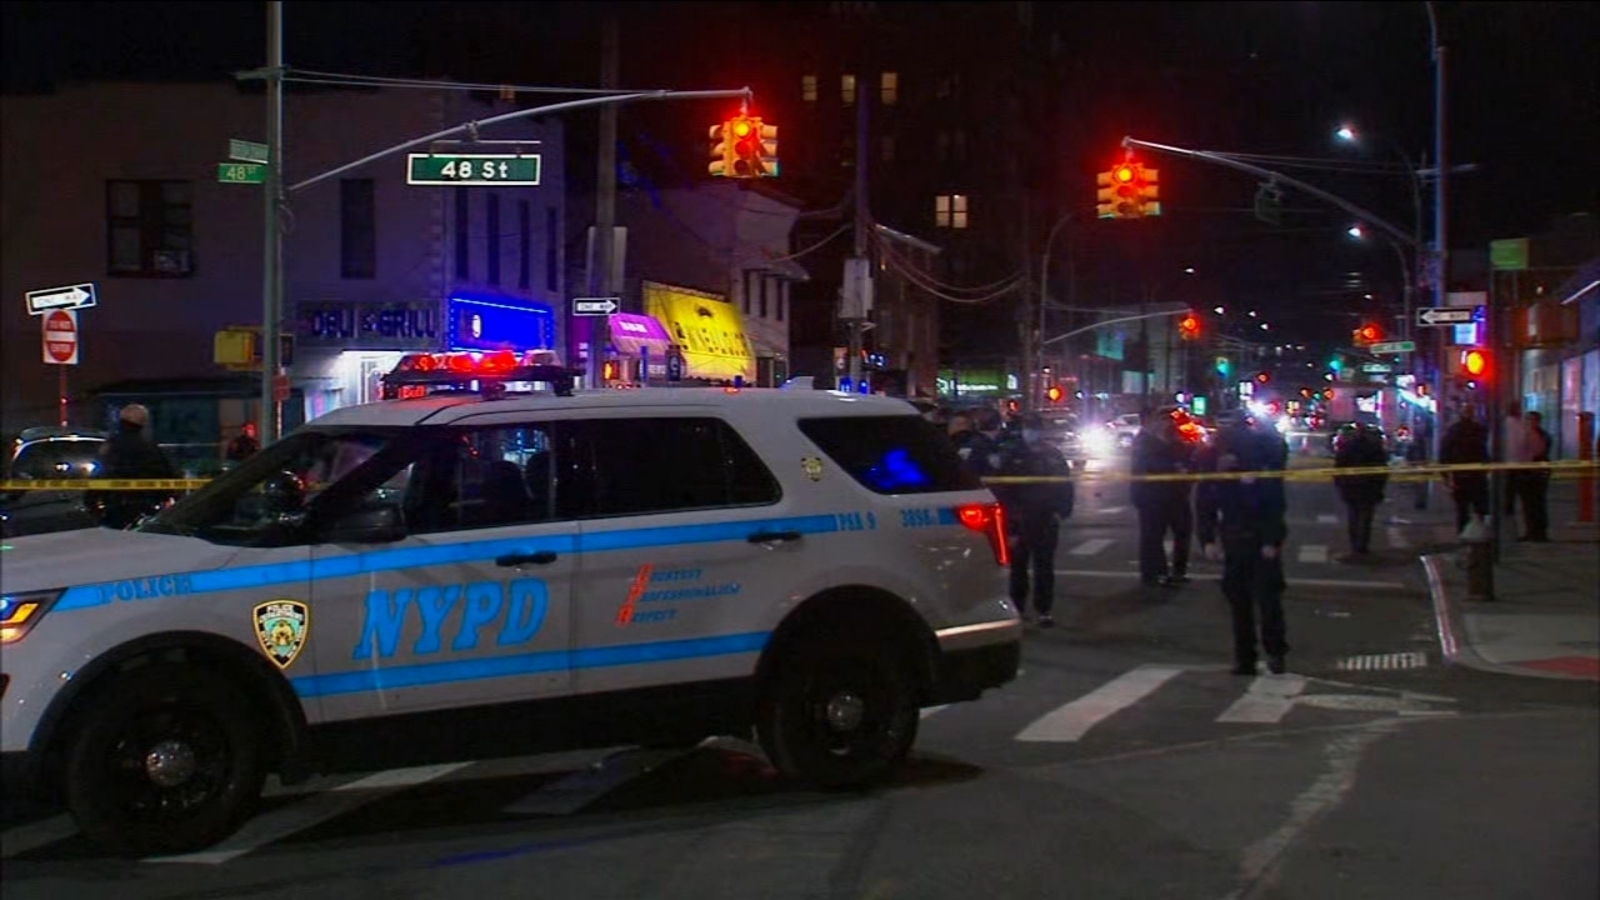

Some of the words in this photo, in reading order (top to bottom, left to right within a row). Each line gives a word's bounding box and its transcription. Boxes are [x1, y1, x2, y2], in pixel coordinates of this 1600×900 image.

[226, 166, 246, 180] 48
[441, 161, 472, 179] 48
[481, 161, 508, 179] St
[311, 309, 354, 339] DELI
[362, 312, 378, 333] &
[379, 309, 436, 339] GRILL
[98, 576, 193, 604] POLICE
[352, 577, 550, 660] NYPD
+===+
* **Exercise objective**: Output all the entries exactly, minus any pictures.

* **Solution for this task**:
Some of the words in this photo, in reading order (top to bottom, left to right within a row). Each line gives a word's bounding box and its transcription. Boxes are [x1, y1, x2, y2], in pixel coordinates of this 1600×900 image.

[226, 166, 246, 180] 48
[441, 161, 472, 179] 48
[481, 161, 508, 179] St
[311, 309, 354, 339] DELI
[362, 312, 378, 333] &
[379, 309, 436, 339] GRILL
[98, 576, 193, 604] POLICE
[352, 577, 550, 660] NYPD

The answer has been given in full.